In most cases, within about nine months, patients feel like they did before they started chemotherapy, a pattern Leonard followed. Nerve pain, however, can linger.
 
In rare cases, about one percent of the time or less, a complication during chemotherapy can result in death. “Patients at greatest risk for toxicity and death are those with significant other illnesses,” says Owonikoko. “That’s why you want to care-fully screen patients to make sure they are able to withstand the potential side effects of treatment.”
 
ON THE HORIZON
Because adjuvant chemotherapy for NSCLC isn’t perfect and doesn’t guarantee a cure, researchers continue to explore treatments that might work better, with fewer side effects, and to probe into better ways to predict who will respond well to which treatment.

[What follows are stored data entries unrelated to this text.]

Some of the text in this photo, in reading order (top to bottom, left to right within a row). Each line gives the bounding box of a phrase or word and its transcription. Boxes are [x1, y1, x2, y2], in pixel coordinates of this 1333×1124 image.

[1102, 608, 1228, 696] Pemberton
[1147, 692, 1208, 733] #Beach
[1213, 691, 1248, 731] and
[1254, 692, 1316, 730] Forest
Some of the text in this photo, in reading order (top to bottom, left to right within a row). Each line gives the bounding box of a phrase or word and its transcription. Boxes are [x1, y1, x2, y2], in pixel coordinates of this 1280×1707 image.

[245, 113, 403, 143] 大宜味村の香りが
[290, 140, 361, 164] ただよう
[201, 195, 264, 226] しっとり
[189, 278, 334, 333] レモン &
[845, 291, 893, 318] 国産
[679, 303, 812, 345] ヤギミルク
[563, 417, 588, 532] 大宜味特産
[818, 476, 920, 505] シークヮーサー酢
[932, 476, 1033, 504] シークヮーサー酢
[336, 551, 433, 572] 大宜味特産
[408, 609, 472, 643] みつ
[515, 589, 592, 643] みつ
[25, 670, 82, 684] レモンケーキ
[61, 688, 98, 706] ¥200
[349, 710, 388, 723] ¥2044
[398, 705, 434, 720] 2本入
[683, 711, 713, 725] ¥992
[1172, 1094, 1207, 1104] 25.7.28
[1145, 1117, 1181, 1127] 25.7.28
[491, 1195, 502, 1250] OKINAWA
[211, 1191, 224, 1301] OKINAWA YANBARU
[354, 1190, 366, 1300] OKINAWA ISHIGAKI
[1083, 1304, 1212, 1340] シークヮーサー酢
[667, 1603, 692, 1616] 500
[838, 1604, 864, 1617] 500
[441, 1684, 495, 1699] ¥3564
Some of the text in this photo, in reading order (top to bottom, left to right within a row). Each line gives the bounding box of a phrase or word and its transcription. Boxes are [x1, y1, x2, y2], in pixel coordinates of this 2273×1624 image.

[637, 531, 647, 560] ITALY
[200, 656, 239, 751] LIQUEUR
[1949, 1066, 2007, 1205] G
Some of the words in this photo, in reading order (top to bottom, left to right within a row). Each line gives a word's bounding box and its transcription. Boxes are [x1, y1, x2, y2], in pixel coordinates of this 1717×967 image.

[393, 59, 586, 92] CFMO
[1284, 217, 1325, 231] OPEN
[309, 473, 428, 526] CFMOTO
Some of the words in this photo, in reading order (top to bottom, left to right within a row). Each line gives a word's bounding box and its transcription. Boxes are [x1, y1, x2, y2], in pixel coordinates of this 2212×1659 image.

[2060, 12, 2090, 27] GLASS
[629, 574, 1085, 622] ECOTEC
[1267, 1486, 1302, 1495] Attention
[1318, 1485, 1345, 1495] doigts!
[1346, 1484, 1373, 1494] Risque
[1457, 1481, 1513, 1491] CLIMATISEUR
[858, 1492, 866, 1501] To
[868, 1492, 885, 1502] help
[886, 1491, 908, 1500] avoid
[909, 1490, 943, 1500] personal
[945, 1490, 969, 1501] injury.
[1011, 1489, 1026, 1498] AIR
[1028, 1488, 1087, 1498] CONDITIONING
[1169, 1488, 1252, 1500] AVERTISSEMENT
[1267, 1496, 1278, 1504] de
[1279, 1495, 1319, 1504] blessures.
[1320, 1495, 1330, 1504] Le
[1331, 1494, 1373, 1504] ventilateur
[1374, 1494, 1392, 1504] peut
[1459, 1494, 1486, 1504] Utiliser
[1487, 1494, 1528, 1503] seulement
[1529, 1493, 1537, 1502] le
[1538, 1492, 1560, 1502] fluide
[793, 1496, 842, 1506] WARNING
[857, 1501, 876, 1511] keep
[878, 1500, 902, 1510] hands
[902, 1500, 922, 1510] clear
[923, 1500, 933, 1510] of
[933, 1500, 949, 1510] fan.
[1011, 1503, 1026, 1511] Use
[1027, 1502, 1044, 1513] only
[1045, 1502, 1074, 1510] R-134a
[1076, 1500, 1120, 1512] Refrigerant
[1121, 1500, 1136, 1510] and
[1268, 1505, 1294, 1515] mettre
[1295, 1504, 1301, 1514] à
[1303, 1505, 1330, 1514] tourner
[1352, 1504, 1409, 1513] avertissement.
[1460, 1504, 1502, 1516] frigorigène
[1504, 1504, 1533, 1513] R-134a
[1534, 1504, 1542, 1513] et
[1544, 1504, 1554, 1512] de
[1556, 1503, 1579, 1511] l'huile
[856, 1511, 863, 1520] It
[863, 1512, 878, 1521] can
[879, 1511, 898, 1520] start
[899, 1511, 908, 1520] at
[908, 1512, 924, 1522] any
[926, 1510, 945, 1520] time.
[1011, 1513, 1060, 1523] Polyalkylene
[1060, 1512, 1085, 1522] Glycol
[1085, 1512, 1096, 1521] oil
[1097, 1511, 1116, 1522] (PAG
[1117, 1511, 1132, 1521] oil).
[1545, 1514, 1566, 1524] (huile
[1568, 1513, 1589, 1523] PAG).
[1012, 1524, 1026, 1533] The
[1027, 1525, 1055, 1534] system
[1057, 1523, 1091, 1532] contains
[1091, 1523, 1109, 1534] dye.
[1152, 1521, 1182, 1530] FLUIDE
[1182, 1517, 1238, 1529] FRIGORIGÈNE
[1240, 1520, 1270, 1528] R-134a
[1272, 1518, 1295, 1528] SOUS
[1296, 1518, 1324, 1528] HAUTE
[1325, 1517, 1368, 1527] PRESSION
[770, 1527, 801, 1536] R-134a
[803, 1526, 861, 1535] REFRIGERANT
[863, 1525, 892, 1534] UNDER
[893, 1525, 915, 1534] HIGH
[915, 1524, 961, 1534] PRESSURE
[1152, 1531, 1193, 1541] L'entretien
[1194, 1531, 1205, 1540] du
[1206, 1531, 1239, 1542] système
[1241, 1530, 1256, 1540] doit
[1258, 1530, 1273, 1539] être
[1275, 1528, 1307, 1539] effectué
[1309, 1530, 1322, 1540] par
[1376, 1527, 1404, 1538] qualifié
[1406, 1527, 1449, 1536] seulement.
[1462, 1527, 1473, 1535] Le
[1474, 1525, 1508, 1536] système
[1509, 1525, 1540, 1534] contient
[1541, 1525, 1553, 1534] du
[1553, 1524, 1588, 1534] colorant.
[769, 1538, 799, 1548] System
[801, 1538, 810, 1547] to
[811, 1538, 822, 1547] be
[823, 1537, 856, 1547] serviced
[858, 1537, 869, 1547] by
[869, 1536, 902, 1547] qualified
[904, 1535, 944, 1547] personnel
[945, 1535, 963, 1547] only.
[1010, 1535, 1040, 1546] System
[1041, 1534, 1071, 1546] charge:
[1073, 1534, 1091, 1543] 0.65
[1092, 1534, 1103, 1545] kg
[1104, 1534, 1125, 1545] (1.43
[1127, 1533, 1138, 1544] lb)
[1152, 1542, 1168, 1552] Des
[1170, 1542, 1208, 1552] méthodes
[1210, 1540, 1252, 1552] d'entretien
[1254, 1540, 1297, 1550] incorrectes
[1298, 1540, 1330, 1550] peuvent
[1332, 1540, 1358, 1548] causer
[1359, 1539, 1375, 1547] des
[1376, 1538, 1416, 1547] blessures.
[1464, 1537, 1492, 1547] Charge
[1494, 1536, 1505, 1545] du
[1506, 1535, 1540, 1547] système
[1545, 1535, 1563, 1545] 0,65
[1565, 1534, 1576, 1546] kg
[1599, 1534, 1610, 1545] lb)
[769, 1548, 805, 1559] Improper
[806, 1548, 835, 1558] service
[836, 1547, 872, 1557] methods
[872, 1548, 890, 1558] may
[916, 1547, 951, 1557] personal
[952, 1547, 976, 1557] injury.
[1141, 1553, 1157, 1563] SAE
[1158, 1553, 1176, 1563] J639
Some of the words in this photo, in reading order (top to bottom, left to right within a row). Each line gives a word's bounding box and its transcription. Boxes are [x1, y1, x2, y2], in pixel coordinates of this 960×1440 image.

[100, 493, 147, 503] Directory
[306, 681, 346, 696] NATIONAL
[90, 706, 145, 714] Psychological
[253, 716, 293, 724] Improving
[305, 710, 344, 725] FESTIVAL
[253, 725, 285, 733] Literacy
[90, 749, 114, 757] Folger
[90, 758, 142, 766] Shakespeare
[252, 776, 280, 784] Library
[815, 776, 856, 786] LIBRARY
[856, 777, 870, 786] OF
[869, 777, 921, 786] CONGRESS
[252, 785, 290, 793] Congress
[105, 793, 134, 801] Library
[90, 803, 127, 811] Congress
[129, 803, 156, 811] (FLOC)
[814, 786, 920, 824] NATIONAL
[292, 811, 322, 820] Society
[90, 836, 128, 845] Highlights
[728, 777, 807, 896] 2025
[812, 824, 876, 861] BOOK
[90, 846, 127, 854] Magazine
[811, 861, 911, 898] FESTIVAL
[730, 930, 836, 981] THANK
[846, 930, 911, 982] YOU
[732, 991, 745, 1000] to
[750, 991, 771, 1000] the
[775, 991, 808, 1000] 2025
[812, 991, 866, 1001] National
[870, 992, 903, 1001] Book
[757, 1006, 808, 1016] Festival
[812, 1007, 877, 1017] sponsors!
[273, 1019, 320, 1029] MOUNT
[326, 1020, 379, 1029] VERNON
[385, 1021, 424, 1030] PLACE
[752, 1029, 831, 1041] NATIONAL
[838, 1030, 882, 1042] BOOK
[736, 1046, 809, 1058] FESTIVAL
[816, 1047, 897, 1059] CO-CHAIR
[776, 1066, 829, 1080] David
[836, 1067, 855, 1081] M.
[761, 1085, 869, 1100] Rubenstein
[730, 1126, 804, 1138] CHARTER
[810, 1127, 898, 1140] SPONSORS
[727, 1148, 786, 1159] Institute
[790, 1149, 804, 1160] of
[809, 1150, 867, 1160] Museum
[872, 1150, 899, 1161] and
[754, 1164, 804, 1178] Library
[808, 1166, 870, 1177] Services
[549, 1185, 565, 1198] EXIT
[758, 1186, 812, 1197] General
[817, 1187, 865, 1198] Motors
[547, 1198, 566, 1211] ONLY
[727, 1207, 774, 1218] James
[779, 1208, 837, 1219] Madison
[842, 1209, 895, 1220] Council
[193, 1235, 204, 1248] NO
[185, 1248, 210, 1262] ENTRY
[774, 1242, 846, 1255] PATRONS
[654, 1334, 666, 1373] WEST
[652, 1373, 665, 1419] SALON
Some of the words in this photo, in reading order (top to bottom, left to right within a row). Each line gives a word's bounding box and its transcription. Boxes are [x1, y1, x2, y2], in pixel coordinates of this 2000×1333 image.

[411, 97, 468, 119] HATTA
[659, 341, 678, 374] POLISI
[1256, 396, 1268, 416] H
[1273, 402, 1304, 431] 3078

Immunotherapy, medication that helps the immune system fight disease, has brought benefits to patients with many different types and stages of cancer. Researchers are beginning to explore the potential benefits of four such drugs — Opdivo (nivolumab), Keytruda (pembrolizumab), Tecentriq (atezolizumab) and durvalumab — as adjuvant therapy in operable NSCLC. Each of these drugs is a type of PD-1/PD-L1 check-point inhibitor, which means they release the brakes on the immune system so it can mount an attack against the cancer. Initially, the adjuvant studies will examine the effects of these drugs in addition to chemotherapy, not in lieu of it.
 
“While these studies are underway and actively enrolling patients around the world, the nature of adjuvant investigation is that it requires recurrences to define success or failure, so the results aren’t anticipated for many years,” says Chaft.
 
Each of these drugs is also currently under investigation as a treatment option for advanced, inoperable lung cancers.
 
Targeted therapies, medications that disable a specific genetic mutation in the tumor that helps it grow, might also be a viable adjuvant therapy in operable NSCLC. Different tumors express different cancer-promoting mutations; therefore, researchers are testing medications aimed at various targets.
 
In the currently recruiting ALCHEMIST trial, for example, researchers test lung tumors after removal for expression of epidermal growth factor receptor (EGFR). Those whose tumors test positive receive an EGFR-blocking drug, Tarceva (erlotinib). If study participants have a gene mutation called an ALK rearrangement, which also promotes cancer growth, they receive a drug that targets that: Xalkori (crizotinib). Among the people who have neither one of those tar-gets, half will receive immunotherapy in the form of a PD-L1 inhibitor and half will not. All tumors will be examined for additional mutations that could be future drug targets.
 
“It’s a great study that combines both what we know about genetic abnormalities and their role in personalized adjuvant therapy, as well as a learning phase to identify future targets for treatment by genetically profiling surgically managed tumors,” Boffa says.
 
Leonard’s tumors express a cancer-promoting element most often seen in breast cancer called HER2. Ten years after her initial diagnosis, she is not disease-free, but the cancer now seems to be well controlled with the HER2-targeted drug Kadcyla (adotrastuzumab emtansine) that she receives through a clinical trial at MSK.
 
Since she began receiving infusions of the drug, periodic CT scans have shown significant shrinkage of the cancer lesions. She manages the fatigue that the medication causes and presses on.
 
“I’m tired, but I have a 13-year-old daughter,” says Leonard. “I have places to take her and things to do. I want to enjoy my husband and daughter as much as I can. They get me through it, no question.”